Despite her two-decade career with the Orange County Sheriff’s Office, Holly Bryan ’99 ’05MS initially never wanted to serve as a police officer.
“I wanted to be a nurse or a vet, something medical,” says the nursing alumna as I sit across from her in her full police garb. “But I needed a job while I was waiting to get into nursing school, so I went to the police academy and here I am.”
There’s a little more to it than that, though.
Bryan’s career-path was, in some ways, seemingly set to involve acts of service. The oldest of five, when her parents divorced, she stepped up and helped provide care for her siblings, taking turns with the others to cook, clean and be a support system.
Bryan’s first job as a teenager was as a nurse’s aide. When she graduated from high school, she joined the military as a combat medic and when she was released, she became an EMT. She had enjoyed her career up to that point, but still envisioned being a nurse.

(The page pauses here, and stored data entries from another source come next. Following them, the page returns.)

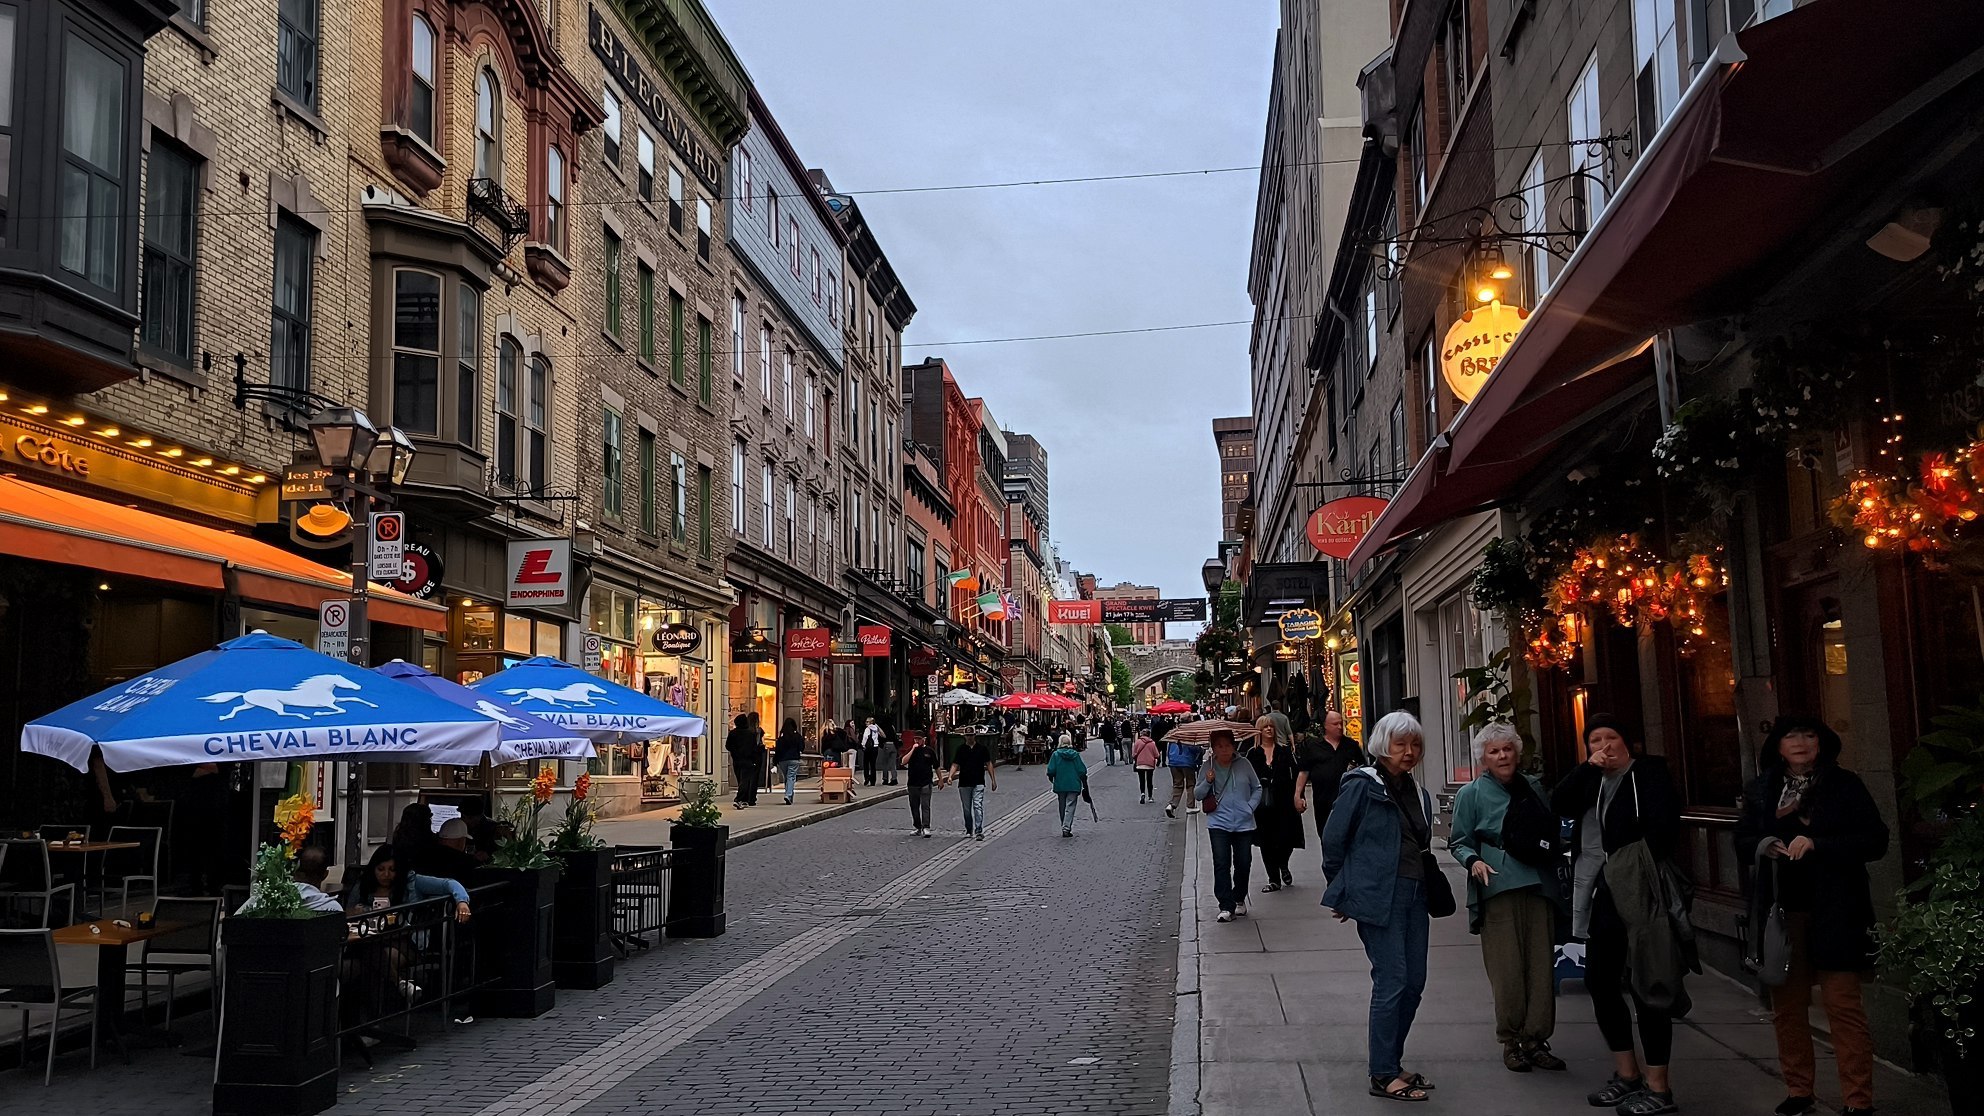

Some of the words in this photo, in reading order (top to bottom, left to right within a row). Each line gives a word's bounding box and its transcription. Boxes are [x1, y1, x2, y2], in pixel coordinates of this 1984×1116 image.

[16, 434, 90, 475] Côte
[286, 484, 305, 493] de
[308, 483, 323, 492] la
[656, 631, 697, 641] LÉONARD
[586, 714, 648, 729] BLANC
[204, 730, 316, 756] CHEVAL
[328, 727, 418, 747] BLANC
[514, 741, 548, 758] CHEVAL
[549, 741, 571, 755] BLANC
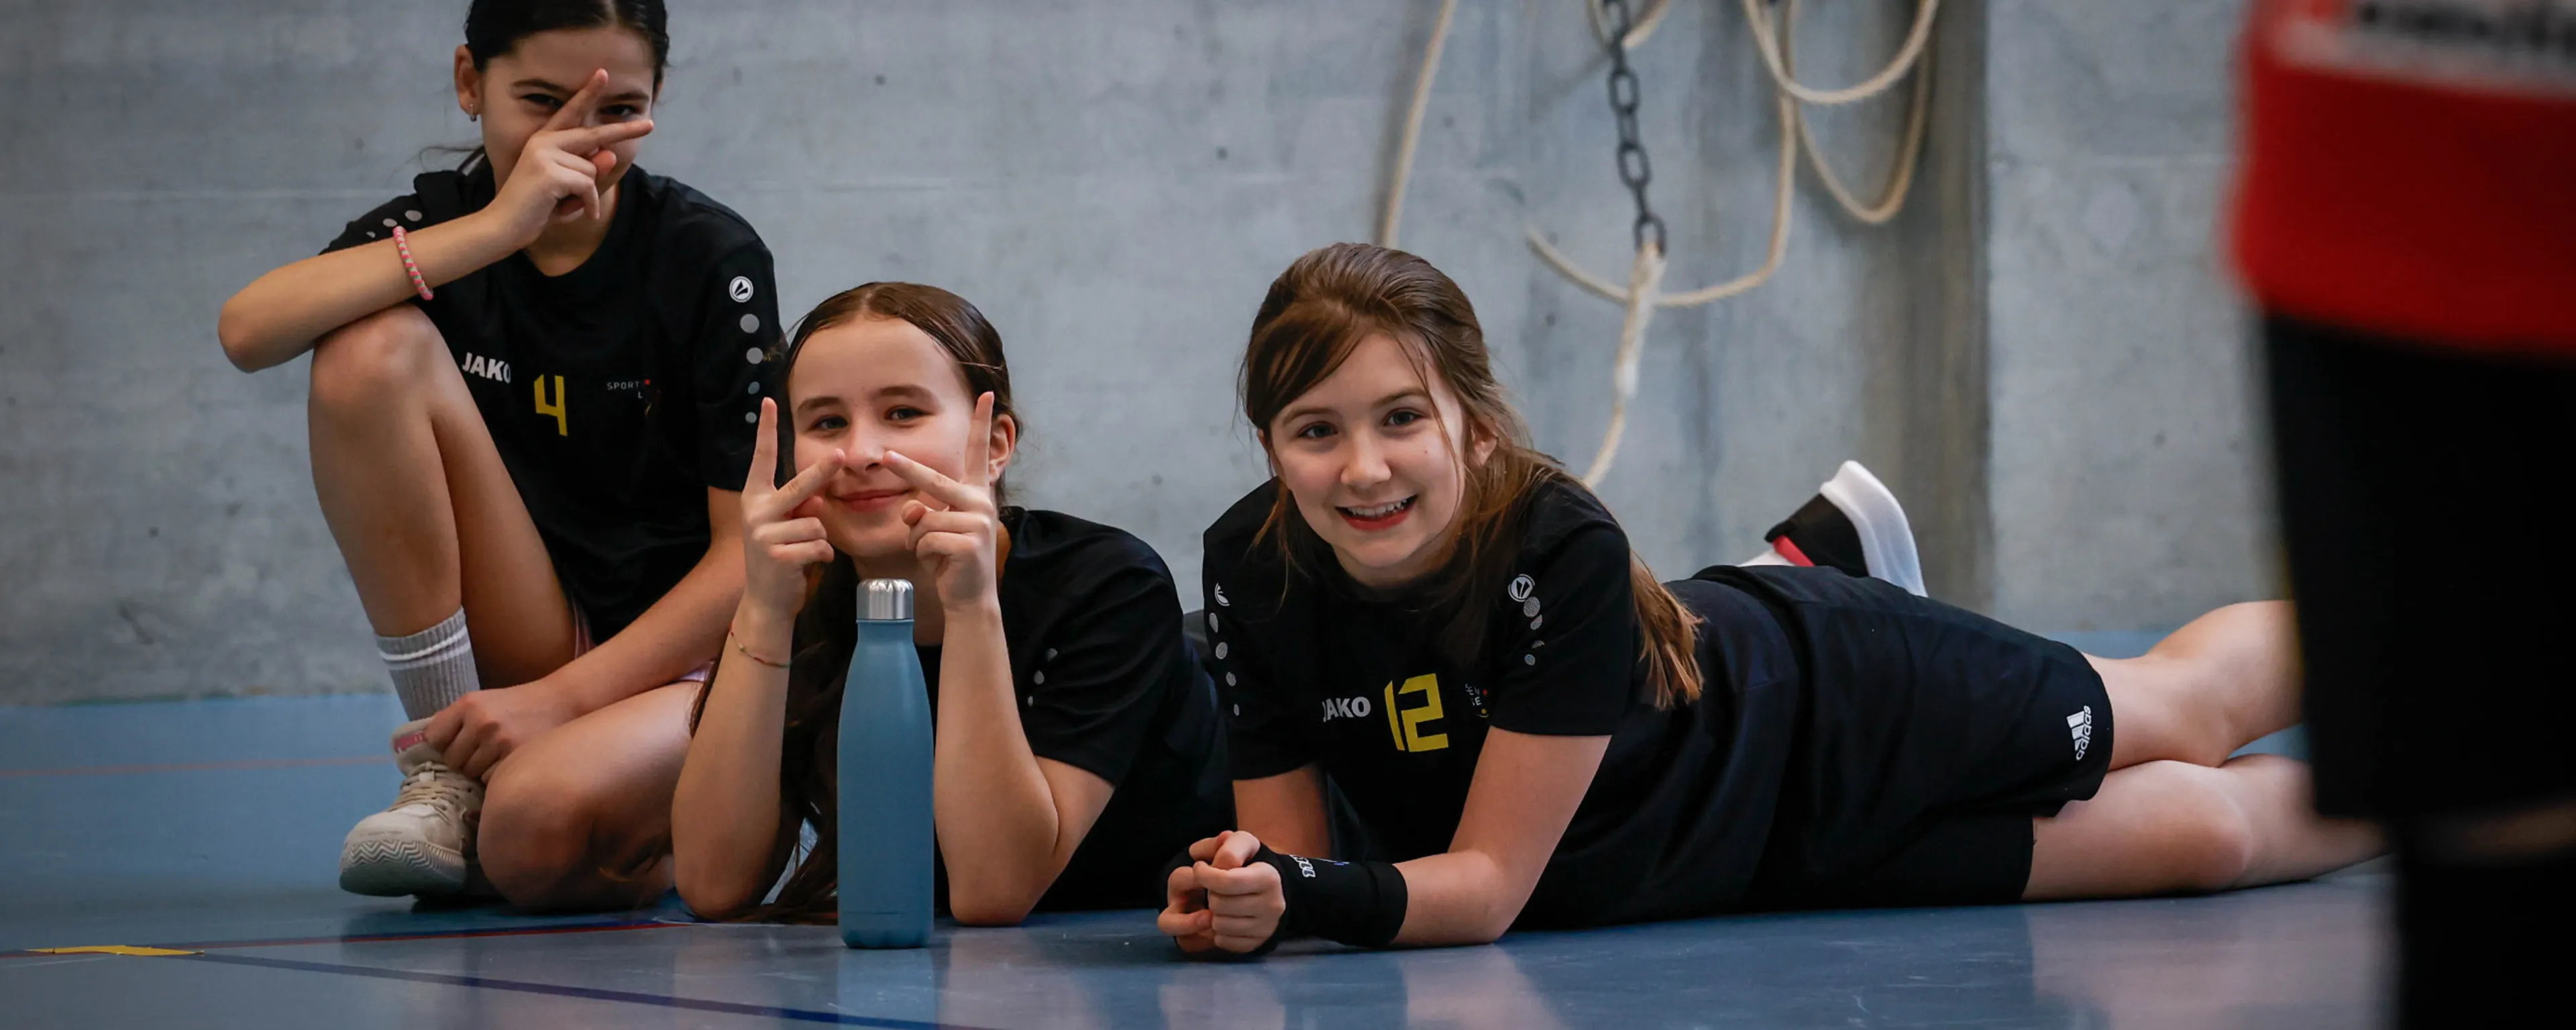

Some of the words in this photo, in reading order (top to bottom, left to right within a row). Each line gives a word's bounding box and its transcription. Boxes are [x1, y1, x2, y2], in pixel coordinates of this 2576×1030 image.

[462, 352, 511, 384] JAKO
[534, 374, 568, 436] 4
[1384, 673, 1449, 752] 12
[2076, 705, 2092, 761] adidas
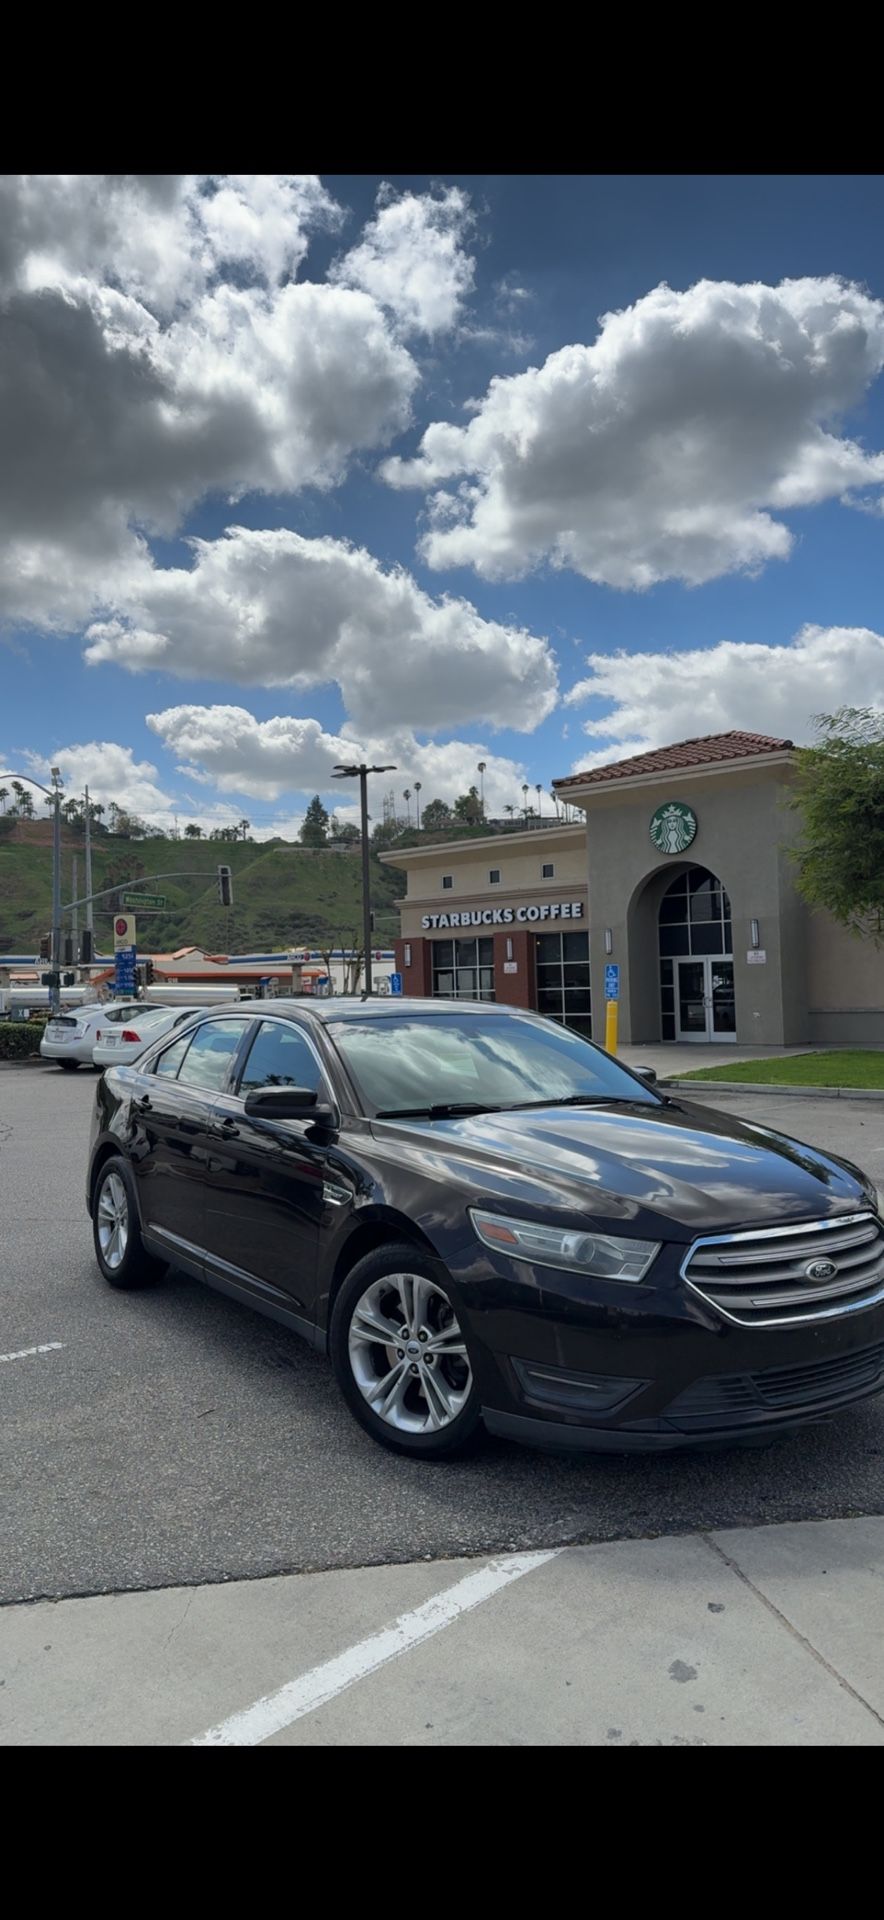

As she was completing her pre-requisites to start nursing school, she had a few friends who were looking to start in the police academy, which piqued Bryan’s interest enough as something she could do on the side while she sought her nursing degree.
In 1996, she had two big first days — one as a cop at OCSO and one as a nursing student at UCF. Every week she would work four 10-hour shifts, from 6 p.m. to 4 a.m., and then she’d head to UCF for a full day of classes. This was about as overwhelming as it sounds, but, for Bryan, her educational experience has proven to be extremely beneficial in her career.
“That time has helped me throughout my entire law enforcement career,” she says. “All that medical training? I’ve rolled up on several traffic crashes, cardiac arrests, infants needing respiratory help. All that stuff I learned plays a role in law enforcement, so I figure I just have one step up.”
Over her years at OCSO, Bryan has done night watch as a lieutenant on I-drive, road patrol for three years and experienced critical incidents alongside colleagues and the community. She says one of her favorite things about being a deputy in Orange County is the opportunity to protect both the residents and the visitors who come here.
“I think anything between nursing, law enforcement, my military years…it has all made me a better person all around,” she says. “I think I’ve learned to appreciate life, to appreciate people, to appreciate diversity. Those three career choices have given me that.”
Ultimately Bryan ended up sticking with OCSO (even after she received her nursing degree) out of a sense of loyalty and dedication to her job and coworkers. She is currently a lieutenant working in community relations. She oversees about 22 employees that execute things like crime prevention (hosting meetings in neighborhoods about burglar-proofing homes) and civilian police academies (providing overviews of what the sheriff’s office does).
“The sheriff’s office is quite a team,” she says. “There’s no way I would be successful without my team. I succeed when they do and when I fail them, I fail myself as well.”
She explains that when she first started in the military, she would walk with her head down, but experiences in her life have proven that she’s built to lead.
She recounts one story from her nursing days that helped shape her. There was a female patient in the ER whom Bryan had already stuck three times to draw blood, which is the maximum amount of attempts for a student. The on-call nurse came in to take the reins from Bryan, but the patient knew Holly was a student who needed to learn. She insisted that she didn’t want the nurse to do the procedure; she wanted Bryan to try again.
“I told her ‘I can’t anymore’ and she said, ‘You can if I authorize it.’ The nurse basically said I could do it one more time and if I didn’t get it, that was it. And I got it. So even though that woman knew nothing about me, just that I was student nurse, she knew I could handle the challenge. She gave me an opportunity to step up one more time so I could be successful and she pushed me to another level of confidence. Those are the kind of people we need around.”
Bryan knows that in her role as a cop, the most important things she can bring to the table, are respect, understanding and empathy.
“When people call, they’re in a time of need, they’re not having a good day,” she says. “So even if it might be my 200th break-in, it’s probably their first one. It’s cliché, but it really is rewarding to help make someone’s bad day a little bit better by how I respond. Whether it’s a medical call or a crisis, if I can help you get to the other side of whatever you’re going through, it’s a big deal.”